Generation from natural gas grows by 42 percent from 2010 to 2035, and its share of total generation increases from 24 percent in 2010 to 28 percent in 2035. The relatively low cost of natural gas makes the dispatching of existing natural gas plants more competitive with coal plants and, in combination with relatively low capital costs, makes natural gas the primary choice to fuel new generation capacity.

Generation from renewable sources grows by 77 percent in the Reference case, raising its share of total generation from 10 percent in 2010 to 15 percent in 2035. Most of the growth in renewable electricity generation comes from wind and biomass facilities, which benefit from State RPS requirements, Federal tax credits, and, in the case of biomass, the availability of lowcost feedstocks and the RFS.

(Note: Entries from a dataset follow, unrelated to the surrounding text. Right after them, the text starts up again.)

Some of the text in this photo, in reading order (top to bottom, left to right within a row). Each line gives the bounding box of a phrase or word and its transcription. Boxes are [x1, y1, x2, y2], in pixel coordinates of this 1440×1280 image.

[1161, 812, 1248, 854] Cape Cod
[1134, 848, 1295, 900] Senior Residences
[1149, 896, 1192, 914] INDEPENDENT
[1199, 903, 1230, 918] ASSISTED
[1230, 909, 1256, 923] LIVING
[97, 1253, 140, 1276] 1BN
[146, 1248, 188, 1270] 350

Generation from U.S. nuclear power plants increases by 10 percent from 2010 to 2035, but the share of total generation declines from 20 percent in 2010 to 18 percent in 2035. Although new nuclear capacity is added by new reactors and uprates of older ones, total generation grows faster and the nuclear share falls. Nuclear capacity grows from 101 gigawatts in 2010 to 111 gigawatts in 2035, with 7.3 gigawatts of additional uprates and 8.5 gigawatts of new capacity between 2010 and 2035. Some older nuclear capacity is retired, which reduces overall nuclear generation.

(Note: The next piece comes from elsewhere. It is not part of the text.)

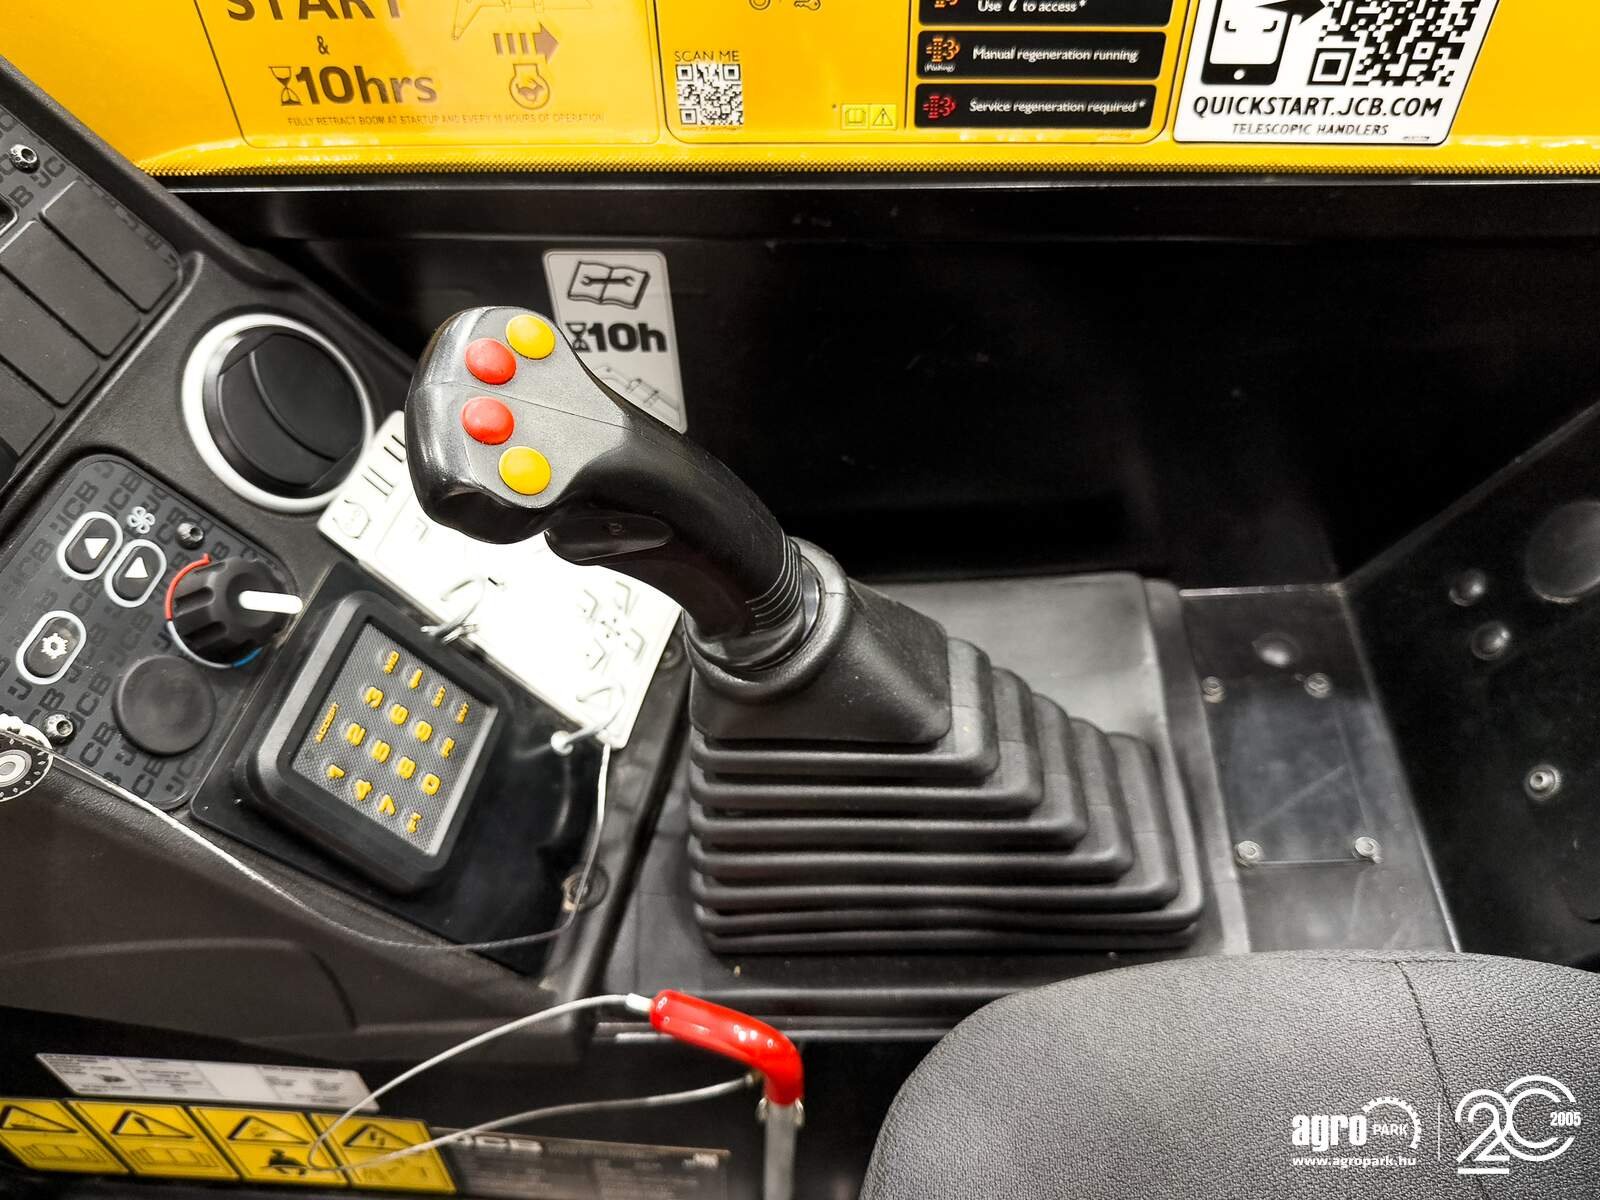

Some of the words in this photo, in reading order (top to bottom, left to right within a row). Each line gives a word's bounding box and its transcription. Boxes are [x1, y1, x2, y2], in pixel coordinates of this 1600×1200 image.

Most new capacity additions use natural gas and renewables


figure data

Decisions to add capacity, and the choice of fuel for new capacity, depend on a number of factors [129]. With growing electricity demand and the retirement of 88 gigawatts of existing capacity, 235 gigawatts of new generating capacity (including end-use combined heat and power) are projected to be added between 2011 and 2035 (Figure 95).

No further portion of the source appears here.